- TASK GOAL
For this exercise, reproduce each entry below exactly, excluding pictures.

- RECORDS PROVIDED
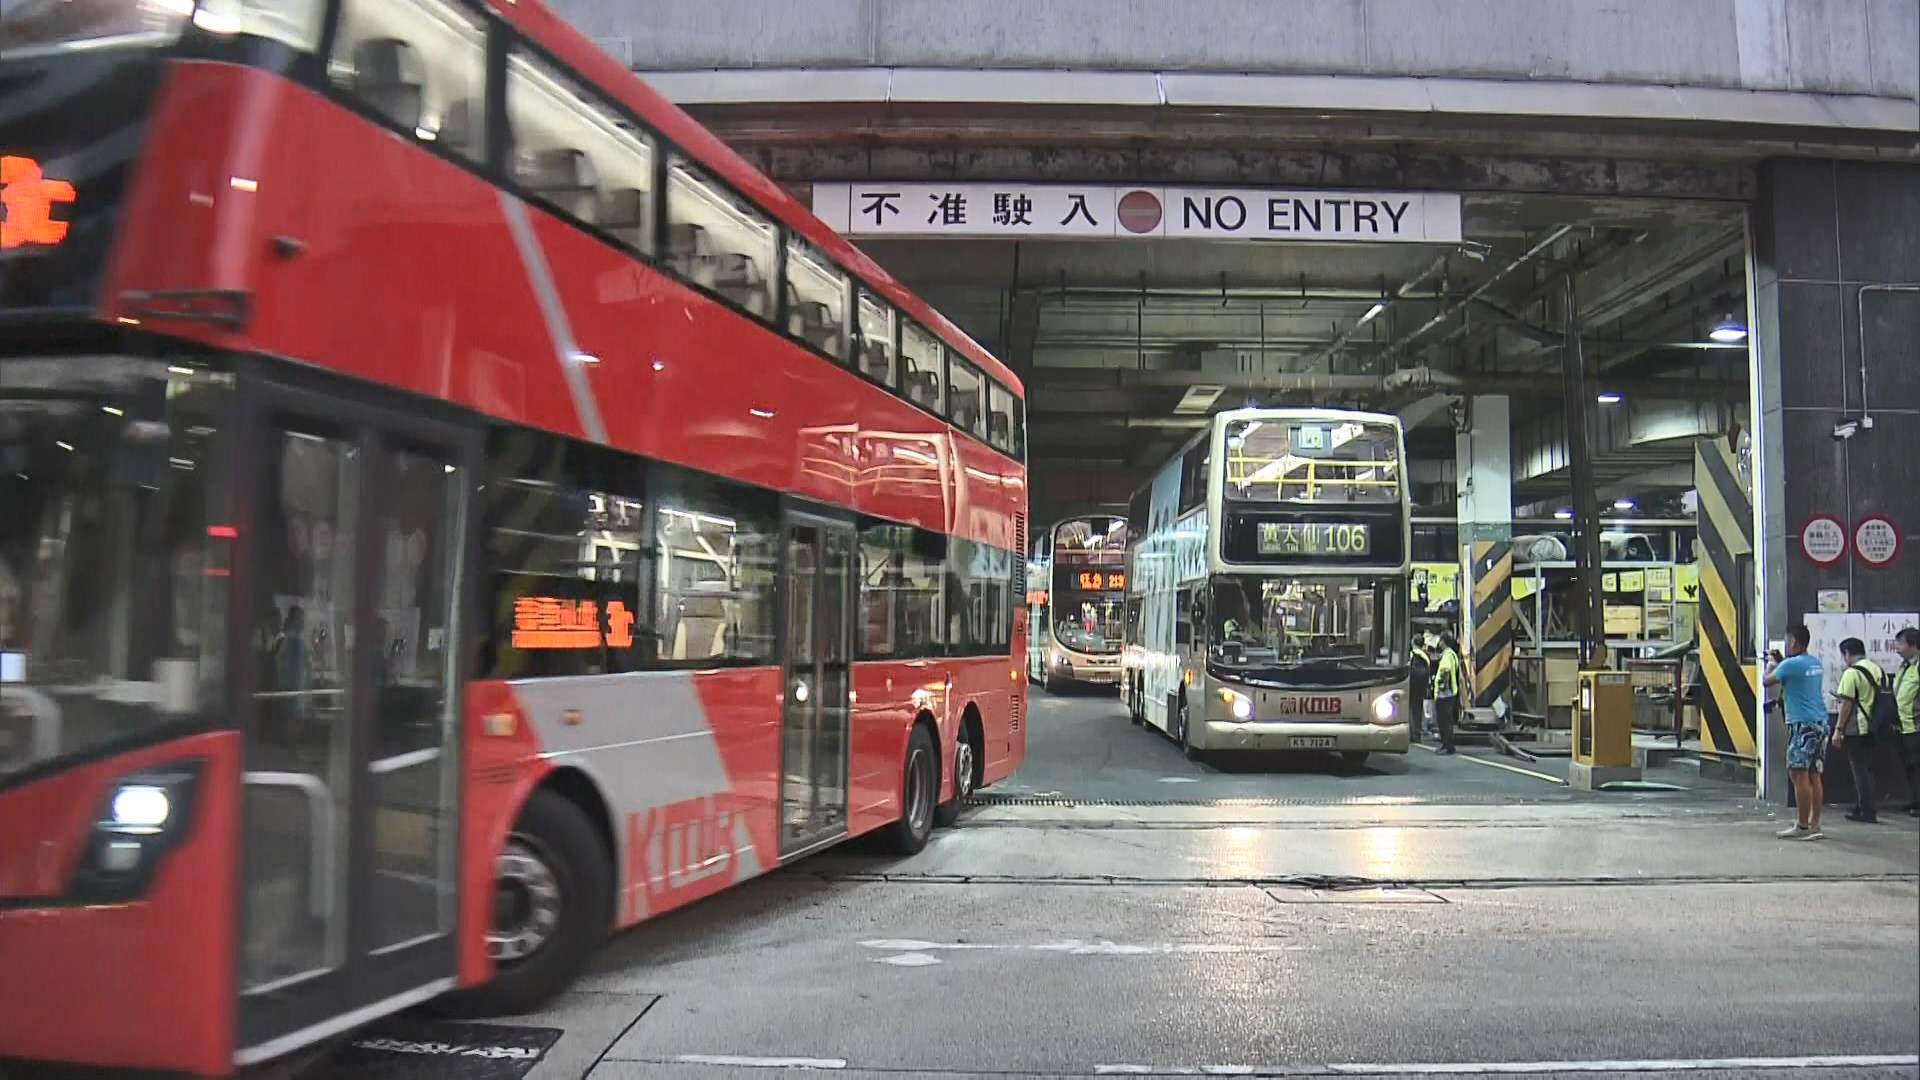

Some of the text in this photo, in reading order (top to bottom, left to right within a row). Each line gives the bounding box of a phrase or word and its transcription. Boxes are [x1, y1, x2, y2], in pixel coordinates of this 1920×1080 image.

[861, 193, 1098, 226] 不准駛入
[1183, 196, 1410, 234] NO ENTRY
[1324, 523, 1366, 552] 106
[1299, 696, 1342, 715] KMB

- REPLY TO THE TASK
Some of the text in this photo, in reading order (top to bottom, left to right within a row). Each line gives the bounding box of a phrase or word and its transcription. Boxes are [x1, y1, x2, y2], in pixel coordinates of this 1920×1080 image.

[861, 193, 1098, 226] 不准駛入
[1183, 196, 1410, 234] NO ENTRY
[1324, 523, 1366, 552] 106
[1299, 696, 1342, 715] KMB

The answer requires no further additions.